Linux Kernel Hacking
Exploit a vulnerable Linux kernel to achieve privilege escalation, bypass security mechanisms, and gain root access by abusing kernel bugs, race conditions, or improper memory handling..
Robot Hacking
Exploit ROS-based robot systems by abusing insecure nodes, topics, or services to gain unauthorized control, escalate privileges, and extract flags from robotic software and infrastructure.
Cherri-iot Pwning
Exploit CHERIoT-based IoT systems by abusing compartment boundaries, capability misuse, or call gates to bypass CHERI memory safety guarantees and gain unauthorized access within a secure RISC-V embedded platform.
Bomb defusal scenarios
Solve interactive bomb defusal challenges by analyzing hardware, timing logic, signals, and deceptive clues to disarm the device safely before the countdown expires.
Tempest Pwning
Exploit TEMPEST and RAM EMANATION side channels using Eliza and WebGPU techniques to extract sensitive data through electromagnetic, timing, or rendering leakage from isolated systems.
GPU Hacking
Exploit GPU systems by analyzing and manipulating CUDA code to gain unauthorized control, leak data, or break isolation between host and device through GPU execution flaws.
FPGA Pwning
Exploit FPGA-based systems by triggering buffer and heap overflows, bypassing custom stack canaries, and redirecting execution flow to unauthorized functions to obtain the flag.
Car Hacking
Exploit automotive systems using RAMN-based challenges by abusing in-vehicle networks, memory corruption, or ECU logic flaws to gain control over vehicle components and extract the flag.
Crypto Ledge Hacking
Exploit Side-Channel OLEDvulnerabilities in Ledger to get the flag
BaseBand Pwning
Exploit cellular baseband firmware by abusing memory corruption or protocol flaws to bypass isolation, gain code execution on the modem, and compromise mobile communication subsystems.
SecureBootPwn
Exploit Secure Boot implementations by abusing logic flaws, cryptographic weaknesses, or chain‑of‑trust errors to bypass verification, execute unsigned code, and gain control of the system during early boot.
Mainframe Hacking
Hack the Mainframe
CubeSat Hacking
Exploit CubeSat systems by abusing satellite software, communication protocols, or onboard hardware logic to gain unauthorized control, manipulate telemetry, or retrieve flags from space‑grade embedded platforms.
MQTT PWN
Exploit app over mqtt over air to extract flag from esp32
ManyMoreJust "HOP IN LOOSER WE GOING HACKING"

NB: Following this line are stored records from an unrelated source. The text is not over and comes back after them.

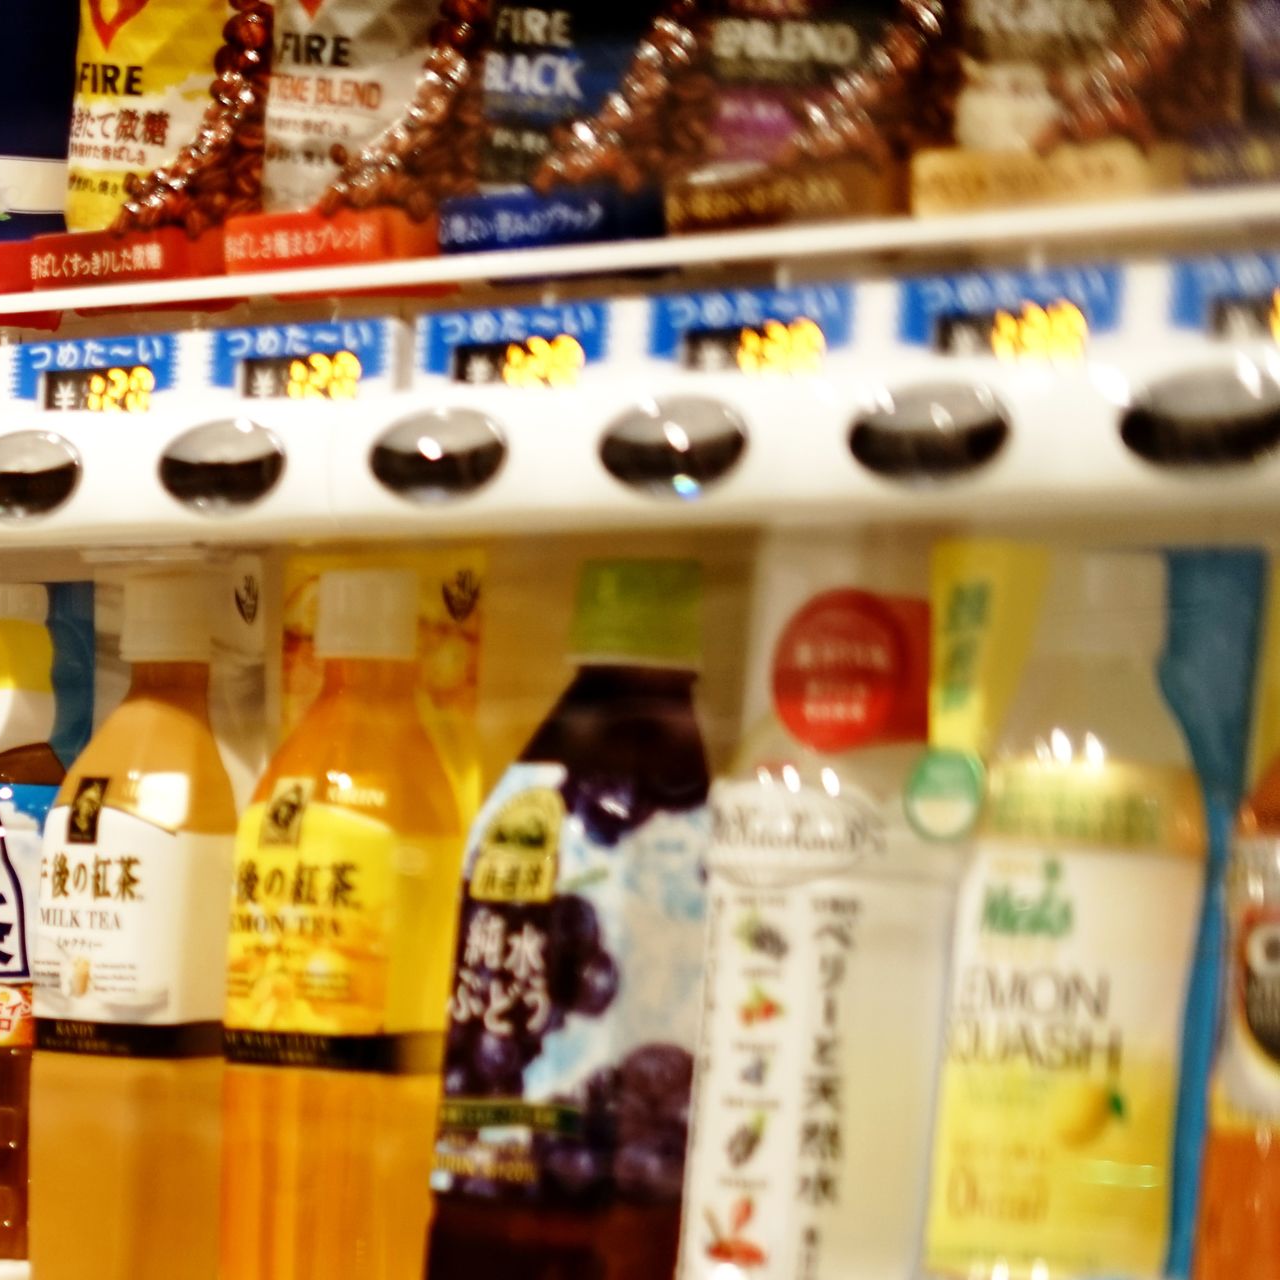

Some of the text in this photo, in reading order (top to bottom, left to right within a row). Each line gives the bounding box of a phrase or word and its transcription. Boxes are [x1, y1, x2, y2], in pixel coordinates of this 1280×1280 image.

[280, 34, 351, 67] FIRE
[79, 62, 144, 96] FIRE
[316, 78, 383, 110] BLEND
[40, 908, 122, 930] MILK TEA
[464, 908, 546, 979] 純水

If everything from here sounds interesting, come along we got a seat for you too!
💻 Hardware Requirements
To participate in PWNCTF 2026, ensure your team has the following hardware setup:
At least 4GB RAM, 2GHz processor, SSD recommended
Linux (Ubuntu) highly recommended, Windows/macOS also required
Altera Cyclone IV DE0-Nano is a compact FPGA development board for embedded, educational, and prototyping applications.
ESP32-WROOM is a low-power Wi-Fi and Bluetooth microcontroller module for IoT and embedded applications.

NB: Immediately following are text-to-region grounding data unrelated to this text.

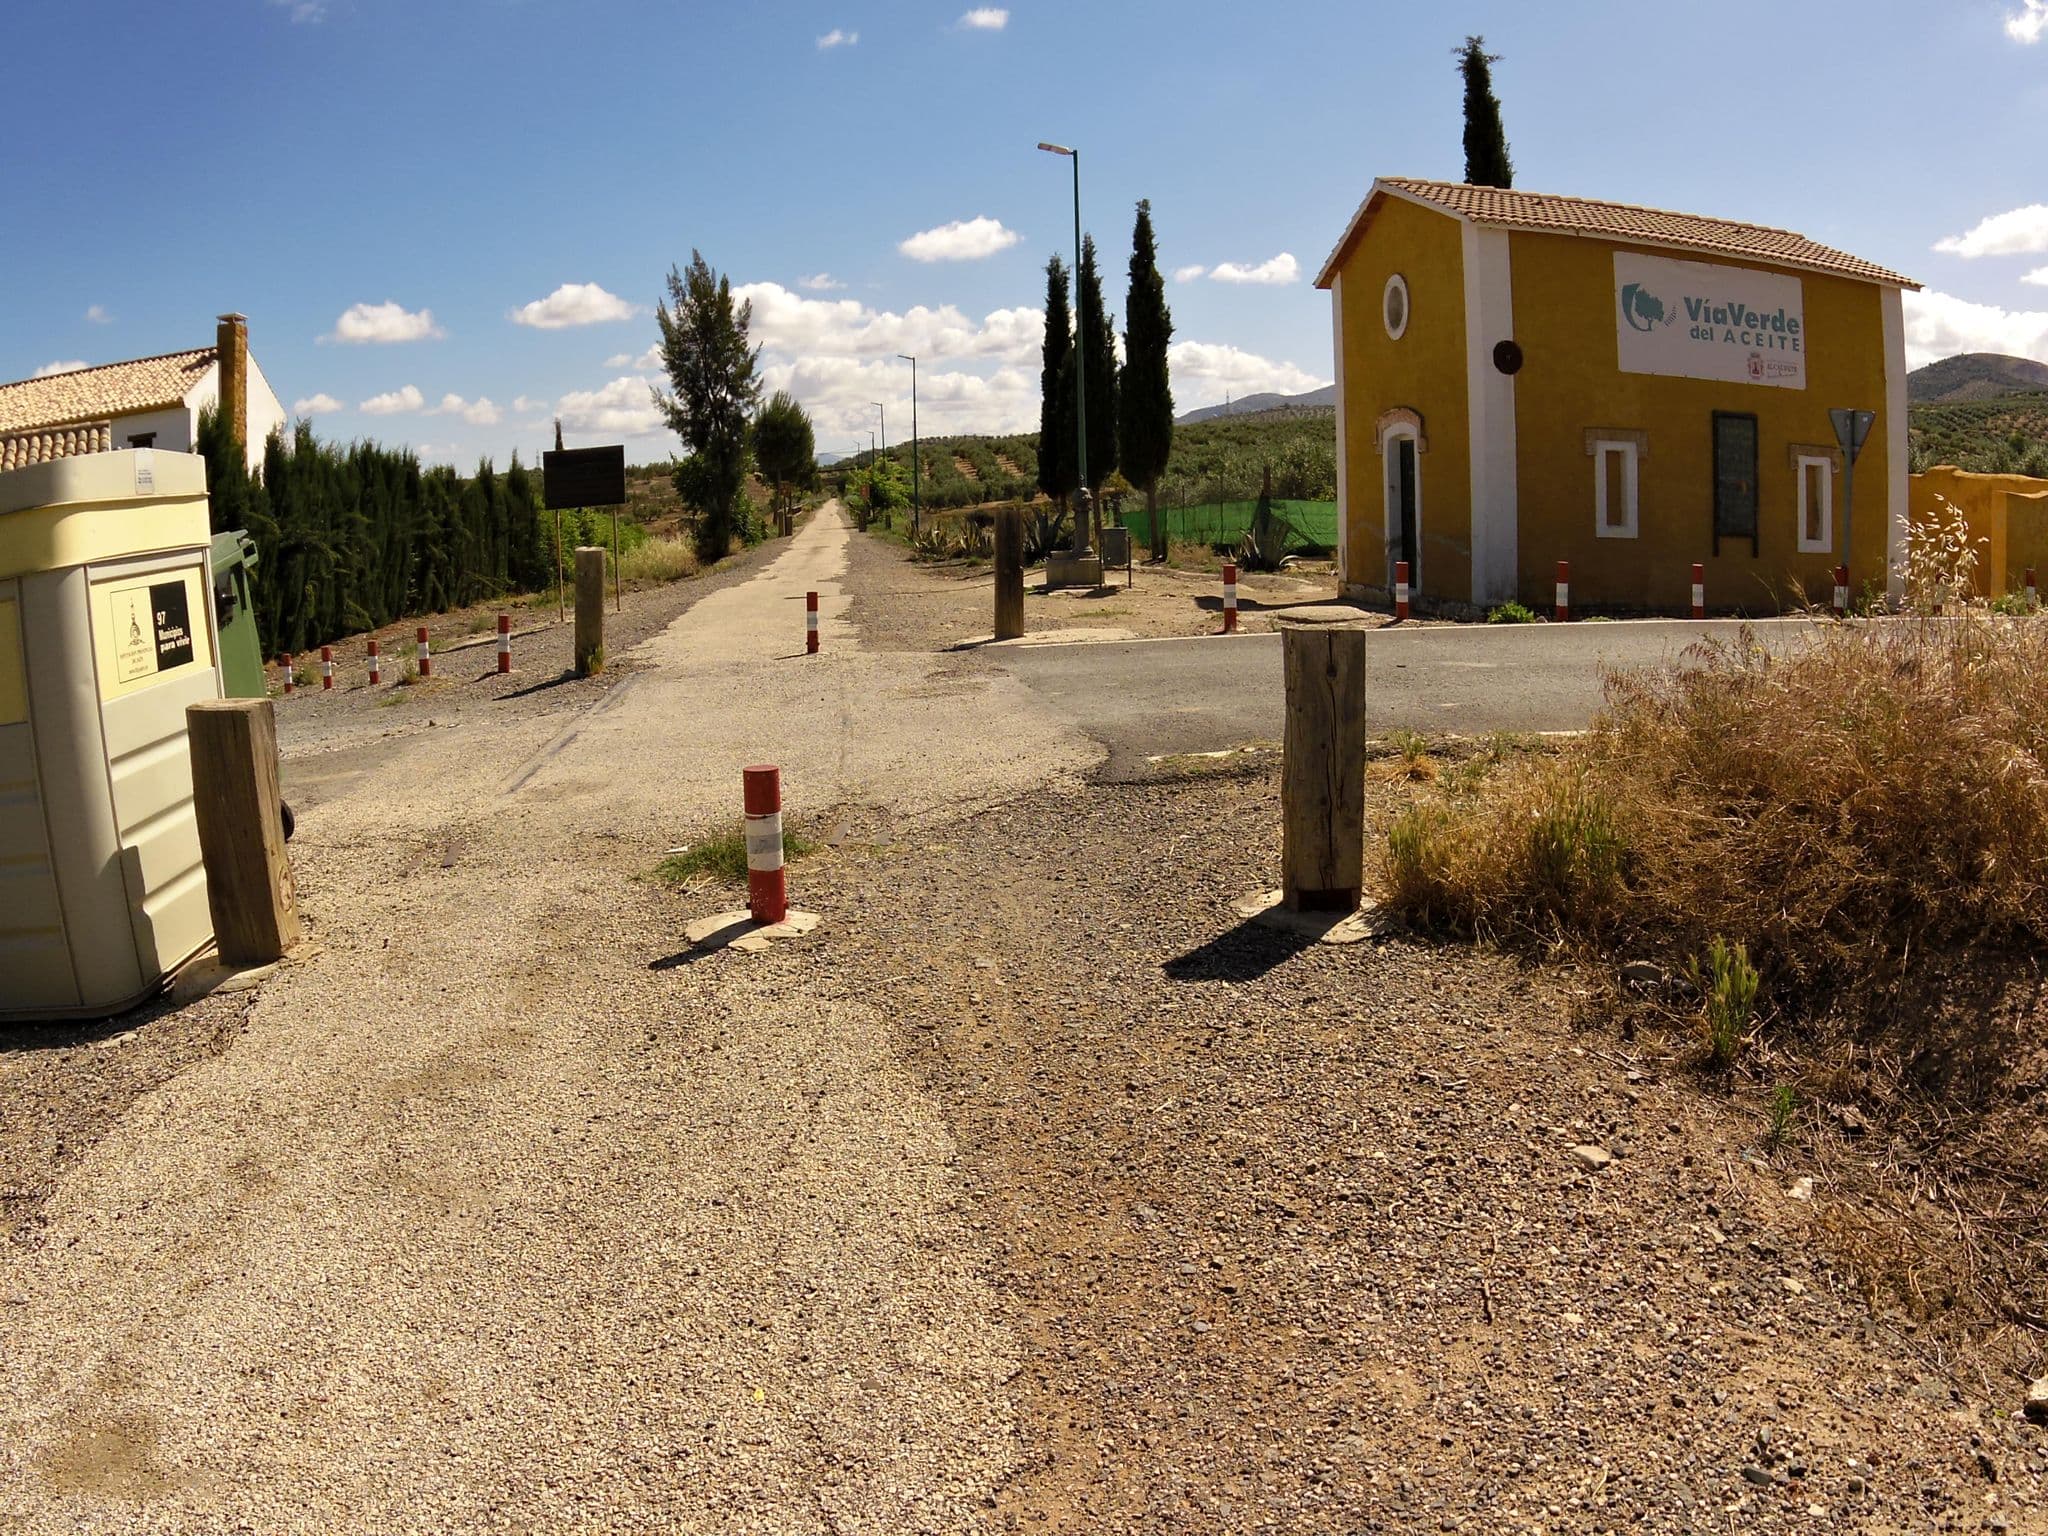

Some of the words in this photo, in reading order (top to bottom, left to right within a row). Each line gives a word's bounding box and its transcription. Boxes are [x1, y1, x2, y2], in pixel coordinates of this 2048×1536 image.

[1690, 325, 1714, 341] del
[1723, 329, 1800, 352] ACEITE
[156, 611, 166, 626] 97
[160, 641, 176, 654] para
[176, 636, 190, 647] vivir

Arduino Uno is a popular microcontroller board based on ATmega328P for prototyping and educational projects. Used for dumping the code from the badge in order to solve the badge challenge
Adafruit Feather M0 is a compact microcontroller board with ARM Cortex-M0, ideal for IoT and wearable projects.

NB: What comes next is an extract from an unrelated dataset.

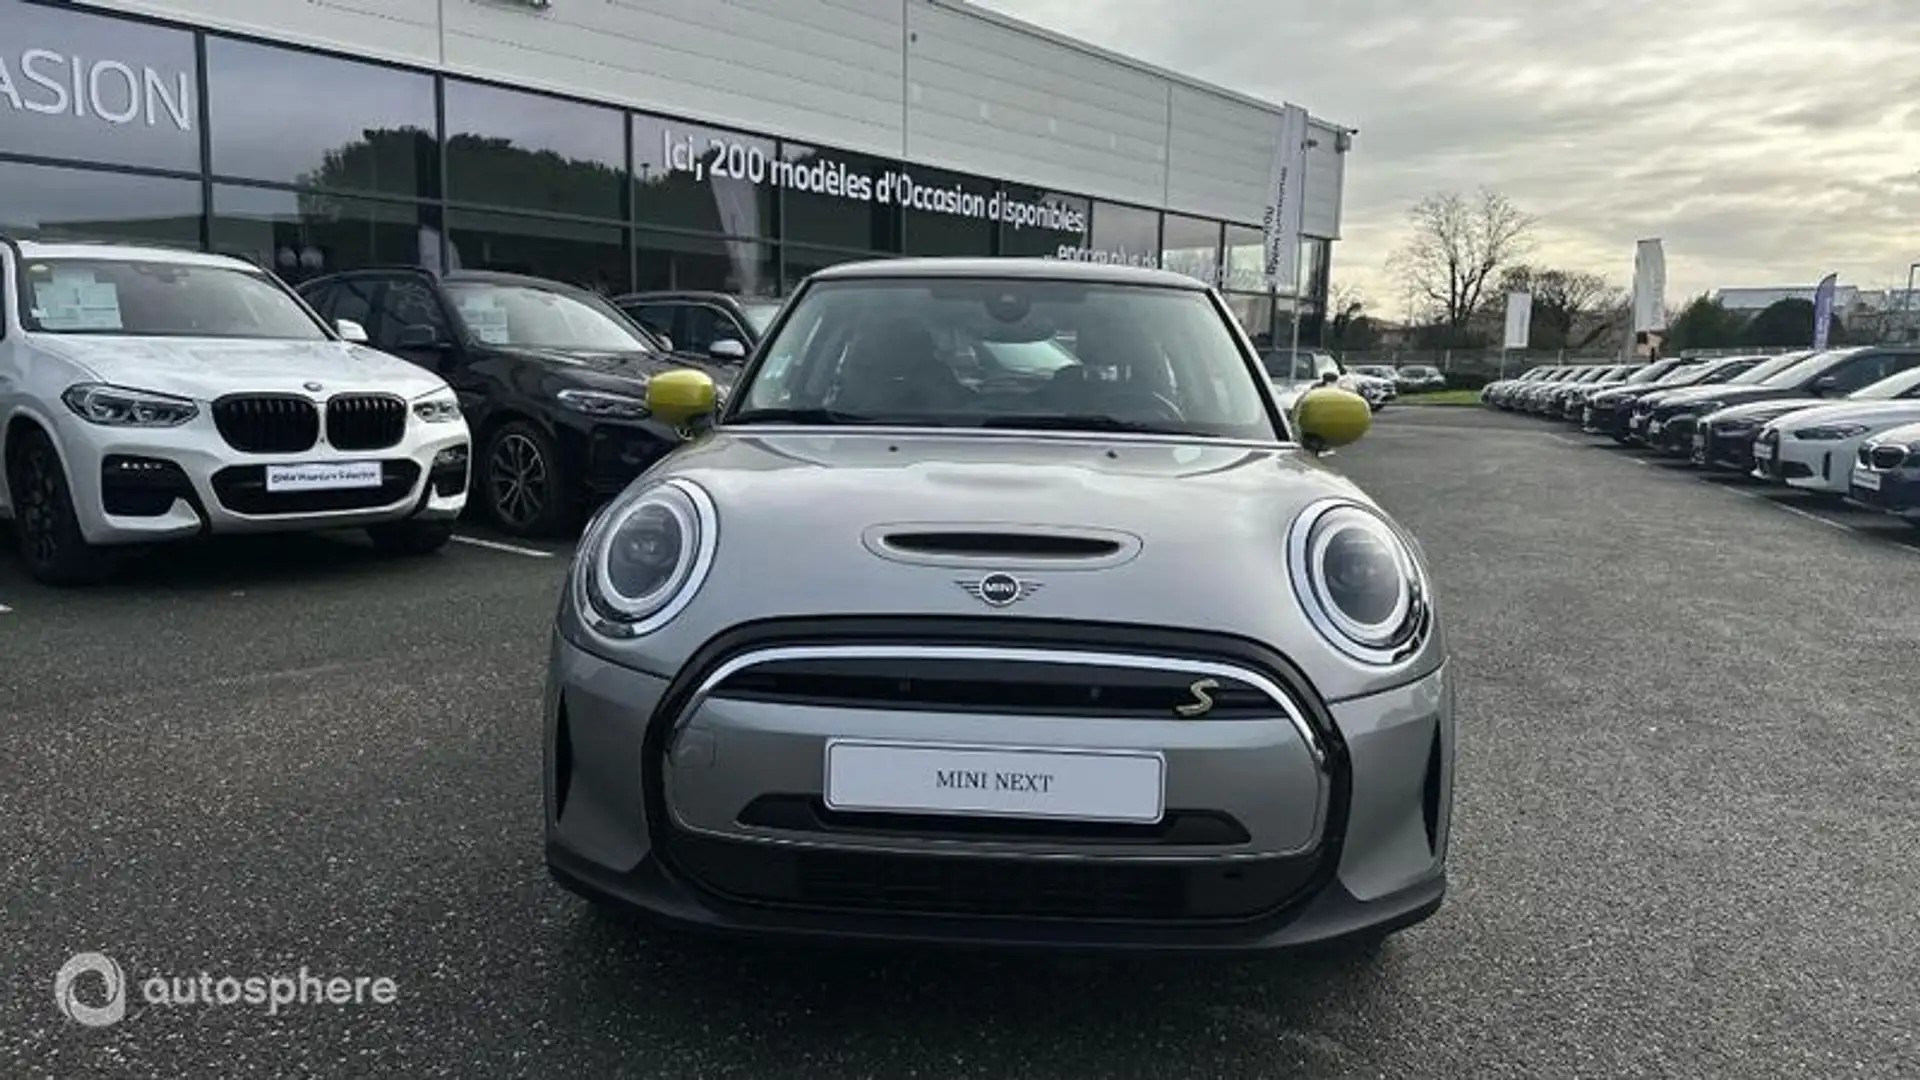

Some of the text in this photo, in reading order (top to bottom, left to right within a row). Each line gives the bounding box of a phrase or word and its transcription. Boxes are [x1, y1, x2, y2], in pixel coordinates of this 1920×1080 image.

[664, 130, 1086, 232] Ici, 200 modèles d'Occasion disponibles
[985, 582, 1015, 593] MINI
[1176, 678, 1219, 716] S
[936, 769, 1054, 793] MINI NEXT

Arduino Nano is a small, breadboard-friendly microcontroller board based on the ATmega328P, ideal for compact projects and prototyping.
Optional but Recommended
👨💼 Staff & Organizers
Meet the experienced cybersecurity professionals organizing PWNCTF 2026:
Is a passionate, self-taught CTF player. He was part of team greece for ECSC 2025. Part of i0.rs group
Known as docea007. With 3 years of experience in ctf’s he's greateast achievements are: 4th place at OCSN 9th grade, won the finance track at unihack 2024, AC ctf finalist, I wrote challenged for the retroctf village at defcamp 25.
Passionate, self-taught CTF player. He was part of team hungary for ECSC 2025.
CTF player and DEFCON 33 finalist focusing on browser and software exploitation. He has discovered and reported two browser CVEs (CVE-2025-1426, CVE-2025-4082) and currently studies at Korea University.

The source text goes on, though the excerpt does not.